Clinical Implications

Findings from this review suggest that there is a high prevalence of traumatic stress symptoms in parents with children diagnosed with SCII. These findings contrast with estimates of lifetime prevalence of PTSD in the general adult population, which have been reported to range from 1 to 14 % (American Psychiatric Association, 1994). Importantly, early traumatic stress responses have been identified in parents with children with a range of illnesses and injuries suggesting that hospital-wide approaches for minimizing traumatic stress responses are warranted for children and families in the acute hospital setting. This extends the current literature, with previous reviews only focusing on a single illness group, or on more chronic and long-term outcomes. These findings will help to raise the awareness of medical and psychosocial clinicians about these difficulties and increase understanding of risk factors, which will allow for improved screening and detection of problems within the acute hospital setting. Given the impact that early traumatic responses have on parent and family functioning, and child recovery and outcome, earlier detection of maladaptive psychological responses in parents, combined with targeted intervention, will reduce the risk of chronic mental health problems developing in the longer term.
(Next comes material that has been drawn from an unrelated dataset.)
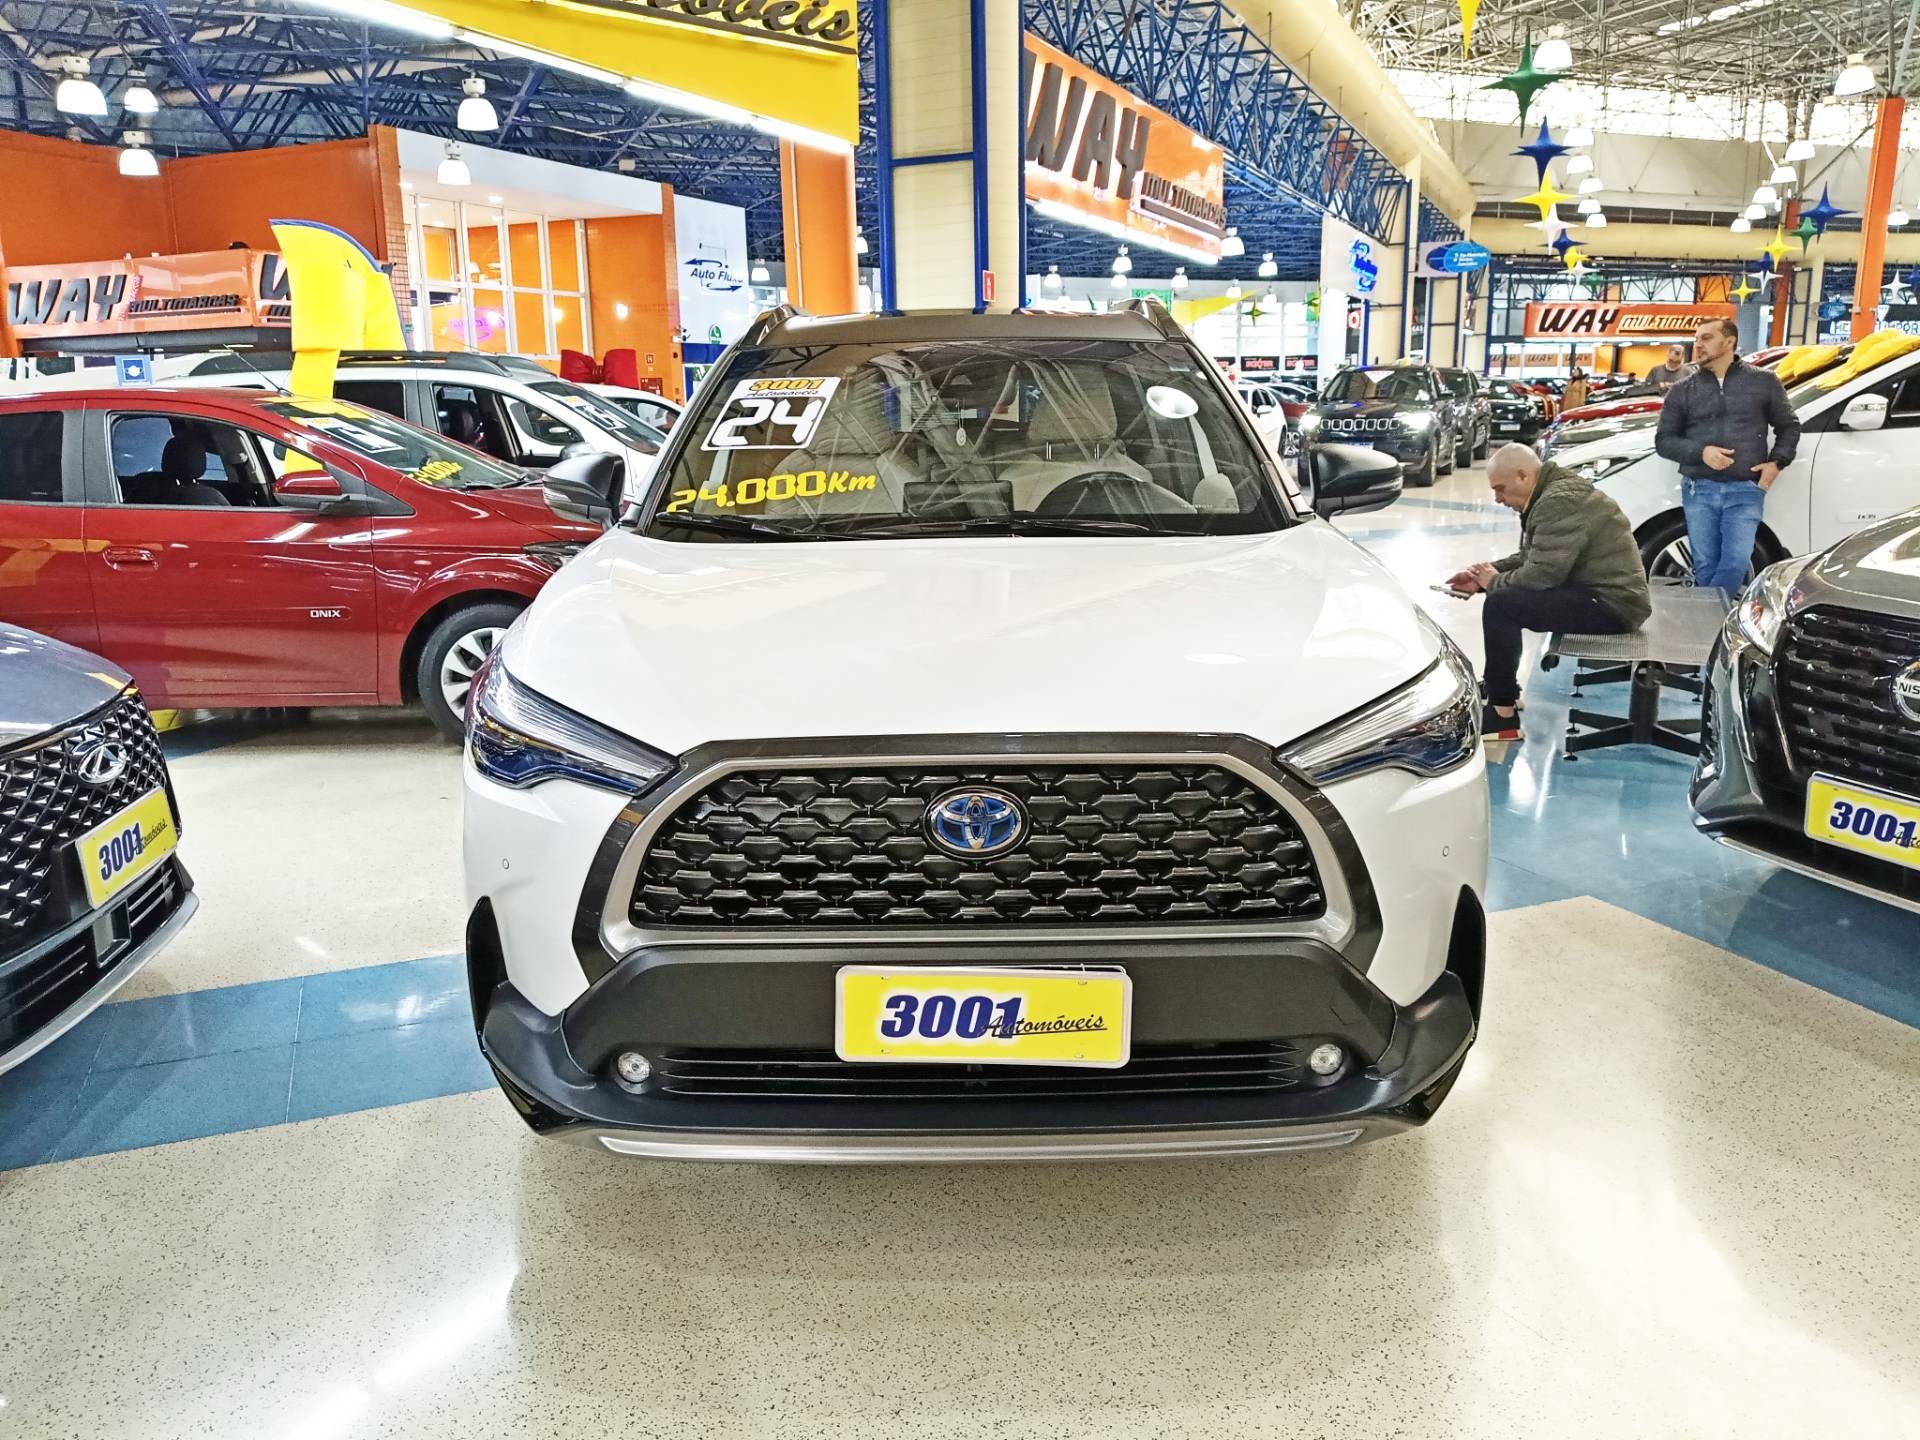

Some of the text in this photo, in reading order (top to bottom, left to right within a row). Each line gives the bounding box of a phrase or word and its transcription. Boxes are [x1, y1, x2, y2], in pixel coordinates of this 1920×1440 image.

The development and evaluation of evidence based interventions, which are aimed at ameliorating distress or preventing longer term adjustment issues, and which can be applied within the hospital or community setting in a feasible and effective manner, is an important future goal (Kazak et al., 2005). To date there have been few studies examining the efficacy of psychological interventions of parents of seriously ill children. However, a small number of studies conducted with parents of children with cancer and cardiac disease in the early period following diagnosis have reported promising results for reducing parental distress (Burke et al., 2014; Sahler et al., 2002, 2005) and enhancing child adjustment (Fedele et al., 2013). Given the impact of early traumatic responses on parent and family functioning and child recovery and outcome, the findings of this review indicate that families affected by SCII need psychosocial intervention in the acute phase post the child’s diagnosis to reduce the risk of potential long term mental health problems.